▸ **Aim of the exercise**
The required result is the exact run of lines beginning at the one containing "this 1280×1280 image." and ending at the last line of the entries.

▸ **Records to process**

#####

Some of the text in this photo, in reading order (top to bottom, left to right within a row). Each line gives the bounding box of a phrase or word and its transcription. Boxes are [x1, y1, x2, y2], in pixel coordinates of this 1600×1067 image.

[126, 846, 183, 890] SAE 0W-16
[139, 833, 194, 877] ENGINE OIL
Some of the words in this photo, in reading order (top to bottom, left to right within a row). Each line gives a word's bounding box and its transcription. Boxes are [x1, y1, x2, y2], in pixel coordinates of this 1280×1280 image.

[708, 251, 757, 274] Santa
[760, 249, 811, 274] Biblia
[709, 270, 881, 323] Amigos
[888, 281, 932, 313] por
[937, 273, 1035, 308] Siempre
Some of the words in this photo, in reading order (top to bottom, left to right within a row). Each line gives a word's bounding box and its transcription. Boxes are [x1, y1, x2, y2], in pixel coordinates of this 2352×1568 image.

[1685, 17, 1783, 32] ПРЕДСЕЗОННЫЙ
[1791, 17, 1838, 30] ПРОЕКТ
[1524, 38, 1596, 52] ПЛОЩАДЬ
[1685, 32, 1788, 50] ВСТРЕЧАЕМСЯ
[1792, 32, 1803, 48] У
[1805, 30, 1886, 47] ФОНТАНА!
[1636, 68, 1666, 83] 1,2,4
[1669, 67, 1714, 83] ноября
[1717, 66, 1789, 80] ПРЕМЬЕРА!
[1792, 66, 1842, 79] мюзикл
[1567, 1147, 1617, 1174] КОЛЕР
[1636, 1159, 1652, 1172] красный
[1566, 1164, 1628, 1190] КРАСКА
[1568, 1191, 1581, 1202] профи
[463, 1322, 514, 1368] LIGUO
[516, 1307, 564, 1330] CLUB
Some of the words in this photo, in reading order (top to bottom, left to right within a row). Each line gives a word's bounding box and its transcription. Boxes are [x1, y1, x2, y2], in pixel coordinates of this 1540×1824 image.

#####

▸ **Task output**
Some of the words in this photo, in reading order (top to bottom, left to right within a row). Each line gives a word's bounding box and its transcription. Boxes are [x1, y1, x2, y2], in pixel coordinates of this 1280×1280 image.

[708, 251, 757, 274] Santa
[760, 249, 811, 274] Biblia
[709, 270, 881, 323] Amigos
[888, 281, 932, 313] por
[937, 273, 1035, 308] Siempre
Some of the words in this photo, in reading order (top to bottom, left to right within a row). Each line gives a word's bounding box and its transcription. Boxes are [x1, y1, x2, y2], in pixel coordinates of this 2352×1568 image.

[1685, 17, 1783, 32] ПРЕДСЕЗОННЫЙ
[1791, 17, 1838, 30] ПРОЕКТ
[1524, 38, 1596, 52] ПЛОЩАДЬ
[1685, 32, 1788, 50] ВСТРЕЧАЕМСЯ
[1792, 32, 1803, 48] У
[1805, 30, 1886, 47] ФОНТАНА!
[1636, 68, 1666, 83] 1,2,4
[1669, 67, 1714, 83] ноября
[1717, 66, 1789, 80] ПРЕМЬЕРА!
[1792, 66, 1842, 79] мюзикл
[1567, 1147, 1617, 1174] КОЛЕР
[1636, 1159, 1652, 1172] красный
[1566, 1164, 1628, 1190] КРАСКА
[1568, 1191, 1581, 1202] профи
[463, 1322, 514, 1368] LIGUO
[516, 1307, 564, 1330] CLUB
Some of the words in this photo, in reading order (top to bottom, left to right within a row). Each line gives a word's bounding box and its transcription. Boxes are [x1, y1, x2, y2], in pixel coordinates of this 1540×1824 image.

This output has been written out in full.